Politics of power
The politics surrounding both Eskom and South Africa’s now protracted electricity crisis has always been problematic.
It was politics that prevented the implementation of the necessary market reforms, as outlined in the 1998 White Paper, that would have gone some way to ensuring that South Africa’s eggs were not still mostly in a broken Eskom basket.
It was politics that prevented Eskom from building new capacity in the early 2000s, even when it had become clear that there was no way that private generators would invest, given the entirely unsupportive pricing and regulatory frameworks that prevailed.
It was politics that led to the decision to pull the trigger on two mega-coal plants when Eskom had not yet completed the engineering design and at a time when the utility had shed most of its construction management skills.
It was politics that forced Eskom to keep the lights on at all costs in the run-up to (and after) the 2010 FIFA World Cup, when it should really have started pushing the accelerator on planned maintenance. A political climate that persisted well beyond the event to the point where the backlog is now out of control.
It was politics that kept tariffs too low for too long, which has resulted in an entity that is no longer a going concern in the absence of regular and hefty fiscal injections, which redirect scarce resources away from other public priorities, such as policing, education and healthcare.

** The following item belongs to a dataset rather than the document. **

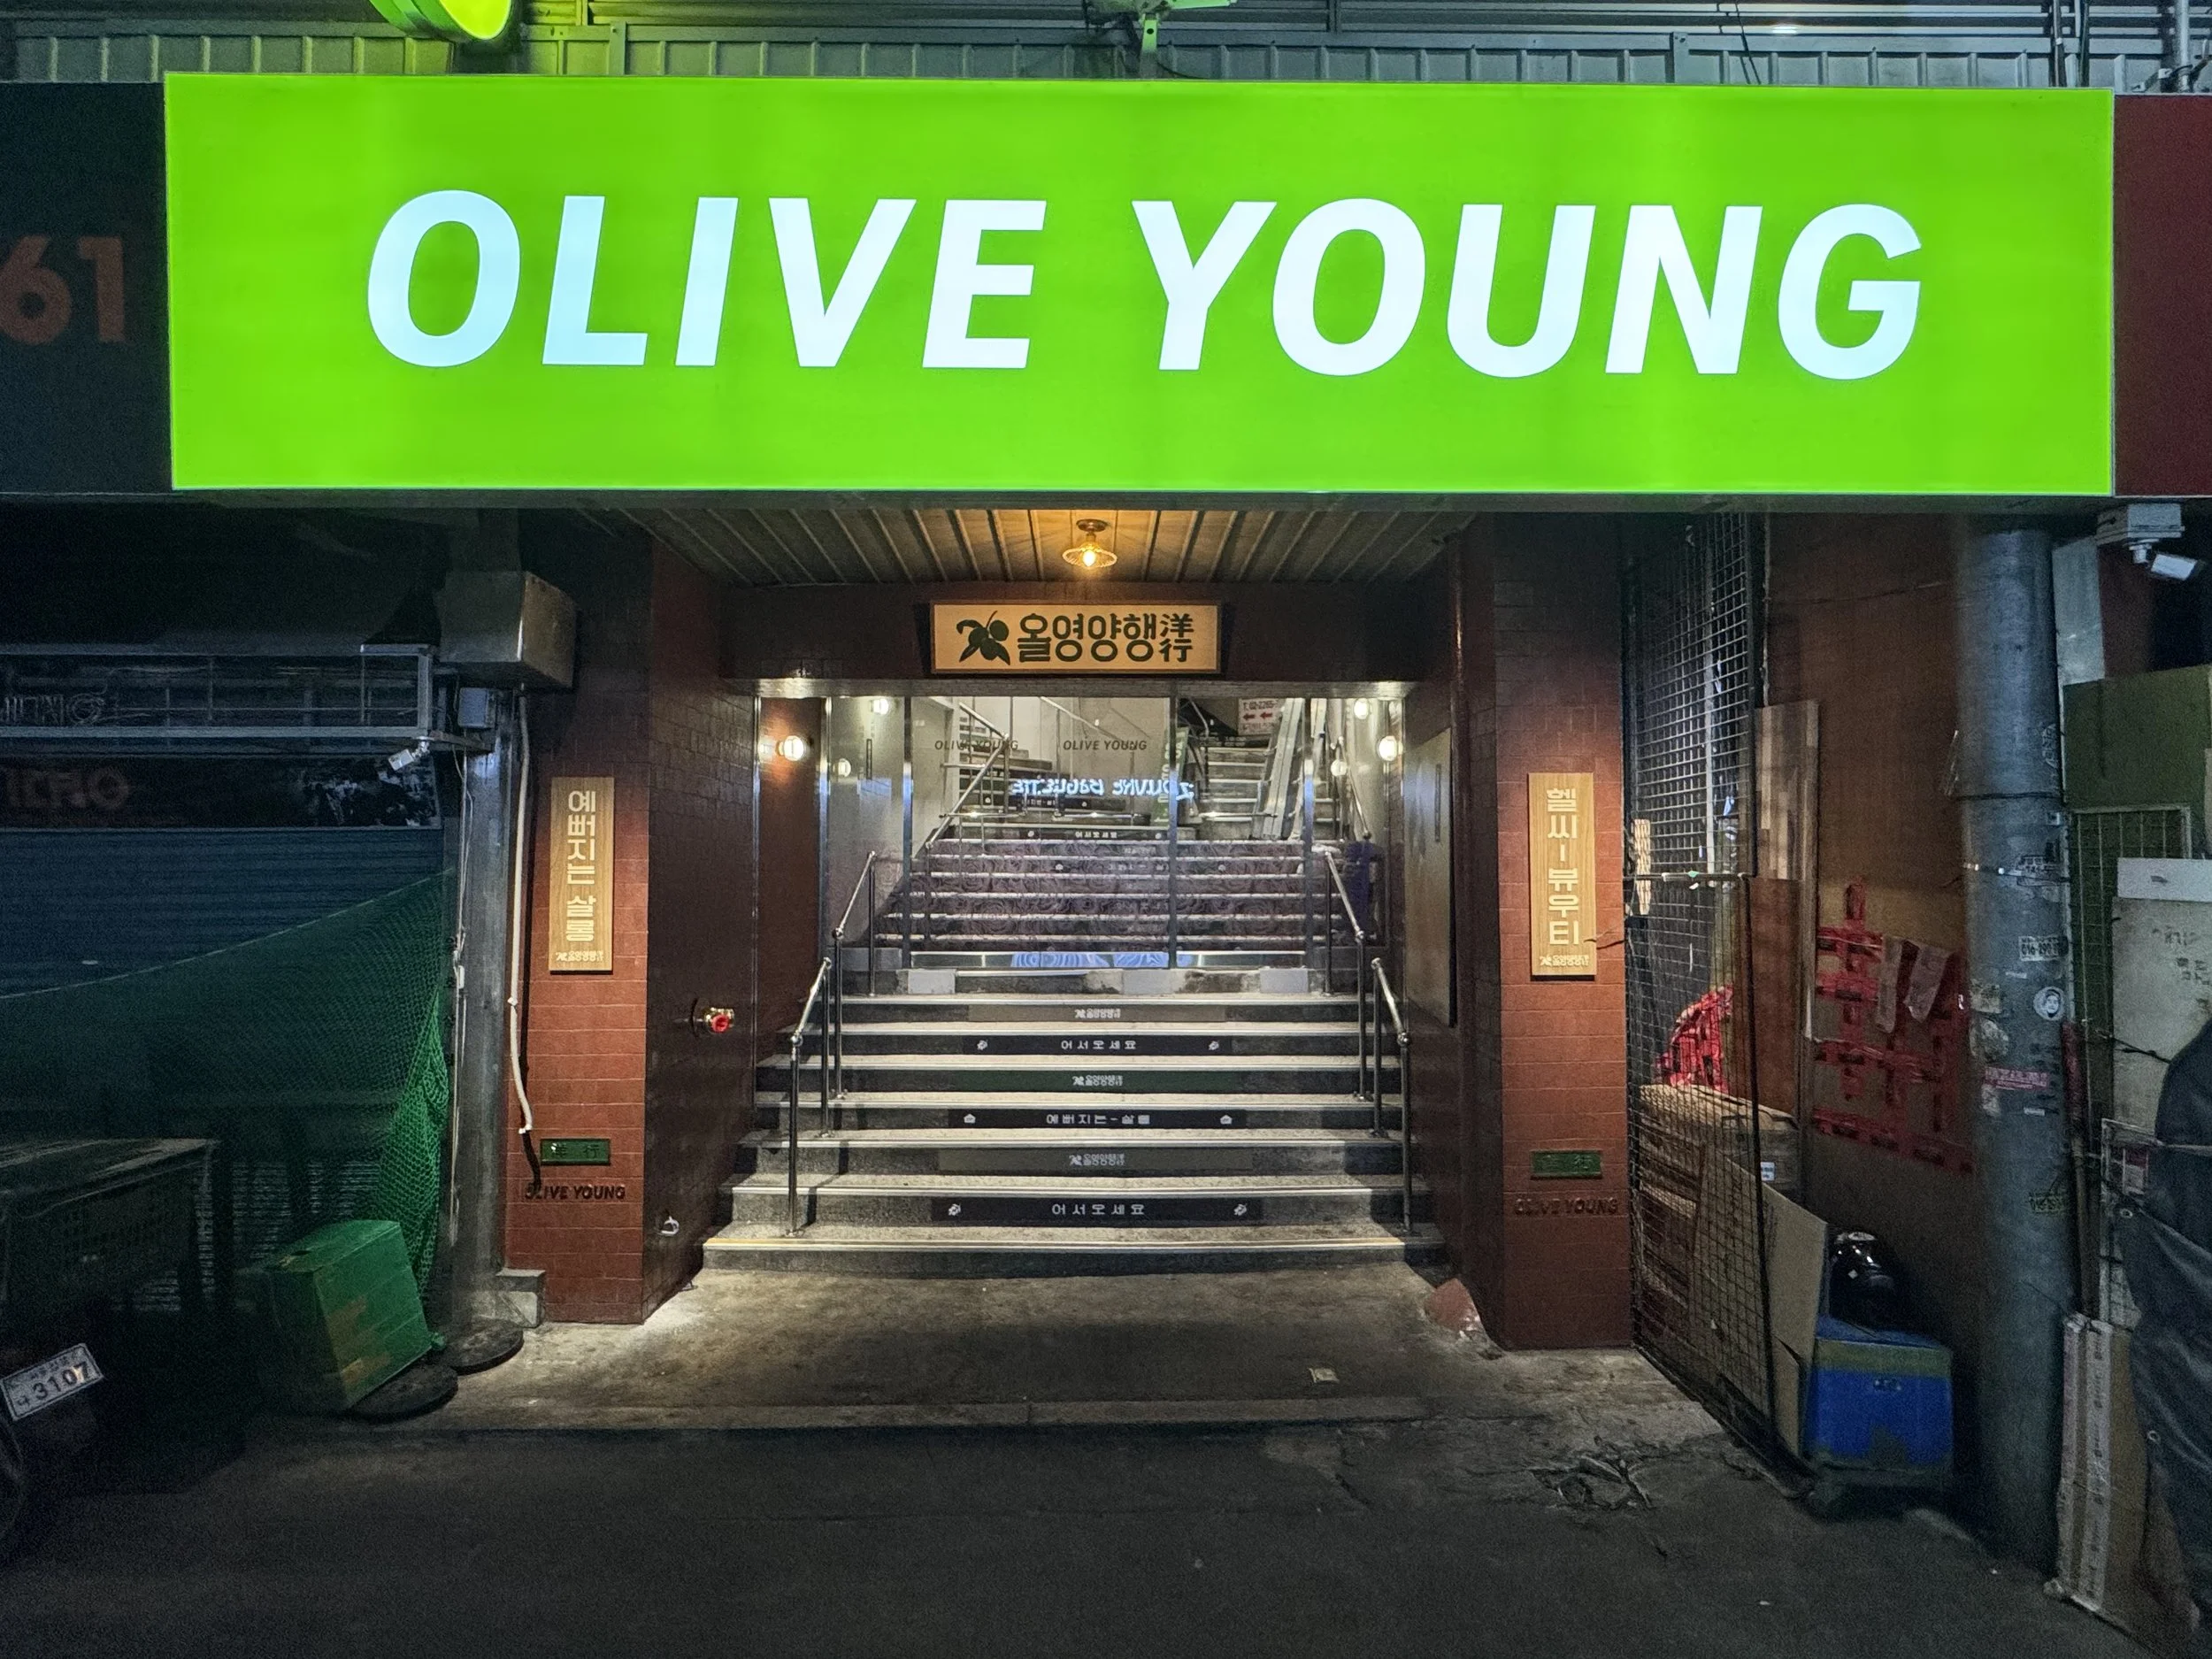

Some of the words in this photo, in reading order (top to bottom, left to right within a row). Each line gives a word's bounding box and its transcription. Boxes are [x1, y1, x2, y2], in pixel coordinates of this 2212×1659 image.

It was politics that led to the infiltration of board and executive members who viewed the utility as fertile ground for the enrichment of a predatory elite.
It was politics that emboldened Eskom to defy stated policy and pull the plug on the purchase of new electricity capacity from independent power producers in 2015, leading to a near eight-year disruption to procurement and a 4 000 MW to 6 000 MW deficit.
It was politics that made Megawatt Park a revolving door for permanent and interim CEOs (ten in ten years, excluding André de Ruyter) and which fuelled a skills flight from the operations themselves.
And politics, unfortunately, remains at the heart of Eskom’s current difficulties and is hampering the non-Eskom action that is necessary to extract South Africa from this crisis once and for all.
For this reason, ironically, it is unlikely that South Africa is going to address this crisis decisively without a political intervention – one that has to be led from the very highest level if it is to succeed.
The latest bout of Stage 4 rotational cuts, recent finger-pointing between a board member and lawmakers, and the prospect of up to 101 days of winter load-shedding are surely all signals that a Covid-like public-private response is now needed.
Such an intervention would provide the political and policy cover required for action, while offering the collective implementation muscle necessary to deal with short-term crises and to lay the foundation for a sustainable industry in the long term.